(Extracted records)
[Start of section]

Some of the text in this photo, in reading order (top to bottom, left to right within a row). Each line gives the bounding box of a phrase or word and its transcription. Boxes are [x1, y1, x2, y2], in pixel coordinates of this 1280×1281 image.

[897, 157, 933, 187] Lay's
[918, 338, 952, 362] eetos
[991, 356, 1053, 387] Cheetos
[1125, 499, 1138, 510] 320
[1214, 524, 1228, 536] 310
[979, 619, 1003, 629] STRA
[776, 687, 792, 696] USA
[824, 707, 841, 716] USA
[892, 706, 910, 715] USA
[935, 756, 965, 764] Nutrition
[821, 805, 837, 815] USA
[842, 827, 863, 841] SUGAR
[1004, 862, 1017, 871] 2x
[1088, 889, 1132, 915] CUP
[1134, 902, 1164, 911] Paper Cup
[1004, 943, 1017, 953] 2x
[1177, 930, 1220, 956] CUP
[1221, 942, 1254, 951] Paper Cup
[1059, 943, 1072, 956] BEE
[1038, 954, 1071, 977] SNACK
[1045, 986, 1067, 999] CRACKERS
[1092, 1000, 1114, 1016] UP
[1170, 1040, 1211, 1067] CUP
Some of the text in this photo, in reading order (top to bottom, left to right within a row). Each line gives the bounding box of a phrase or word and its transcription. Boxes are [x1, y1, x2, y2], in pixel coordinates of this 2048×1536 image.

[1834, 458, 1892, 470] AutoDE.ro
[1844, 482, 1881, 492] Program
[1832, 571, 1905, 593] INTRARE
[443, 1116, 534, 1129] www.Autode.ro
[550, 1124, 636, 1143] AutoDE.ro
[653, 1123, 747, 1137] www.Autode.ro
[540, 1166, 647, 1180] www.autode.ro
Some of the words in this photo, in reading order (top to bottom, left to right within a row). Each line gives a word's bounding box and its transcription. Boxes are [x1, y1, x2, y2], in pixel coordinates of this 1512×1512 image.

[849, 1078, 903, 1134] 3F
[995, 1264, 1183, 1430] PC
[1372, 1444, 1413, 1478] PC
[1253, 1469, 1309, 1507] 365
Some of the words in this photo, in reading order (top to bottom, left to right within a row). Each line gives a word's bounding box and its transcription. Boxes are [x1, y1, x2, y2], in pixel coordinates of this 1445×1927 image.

[End of section]

» ASSIGNMENT
Set the data down again in full, exactly as given.

» RESPONSE TO THIS TASK
Some of the text in this photo, in reading order (top to bottom, left to right within a row). Each line gives the bounding box of a phrase or word and its transcription. Boxes are [x1, y1, x2, y2], in pixel coordinates of this 1280×1281 image.

[897, 157, 933, 187] Lay's
[918, 338, 952, 362] eetos
[991, 356, 1053, 387] Cheetos
[1125, 499, 1138, 510] 320
[1214, 524, 1228, 536] 310
[979, 619, 1003, 629] STRA
[776, 687, 792, 696] USA
[824, 707, 841, 716] USA
[892, 706, 910, 715] USA
[935, 756, 965, 764] Nutrition
[821, 805, 837, 815] USA
[842, 827, 863, 841] SUGAR
[1004, 862, 1017, 871] 2x
[1088, 889, 1132, 915] CUP
[1134, 902, 1164, 911] Paper Cup
[1004, 943, 1017, 953] 2x
[1177, 930, 1220, 956] CUP
[1221, 942, 1254, 951] Paper Cup
[1059, 943, 1072, 956] BEE
[1038, 954, 1071, 977] SNACK
[1045, 986, 1067, 999] CRACKERS
[1092, 1000, 1114, 1016] UP
[1170, 1040, 1211, 1067] CUP
Some of the text in this photo, in reading order (top to bottom, left to right within a row). Each line gives the bounding box of a phrase or word and its transcription. Boxes are [x1, y1, x2, y2], in pixel coordinates of this 2048×1536 image.

[1834, 458, 1892, 470] AutoDE.ro
[1844, 482, 1881, 492] Program
[1832, 571, 1905, 593] INTRARE
[443, 1116, 534, 1129] www.Autode.ro
[550, 1124, 636, 1143] AutoDE.ro
[653, 1123, 747, 1137] www.Autode.ro
[540, 1166, 647, 1180] www.autode.ro
Some of the words in this photo, in reading order (top to bottom, left to right within a row). Each line gives a word's bounding box and its transcription. Boxes are [x1, y1, x2, y2], in pixel coordinates of this 1512×1512 image.

[849, 1078, 903, 1134] 3F
[995, 1264, 1183, 1430] PC
[1372, 1444, 1413, 1478] PC
[1253, 1469, 1309, 1507] 365
Some of the words in this photo, in reading order (top to bottom, left to right within a row). Each line gives a word's bounding box and its transcription. Boxes are [x1, y1, x2, y2], in pixel coordinates of this 1445×1927 image.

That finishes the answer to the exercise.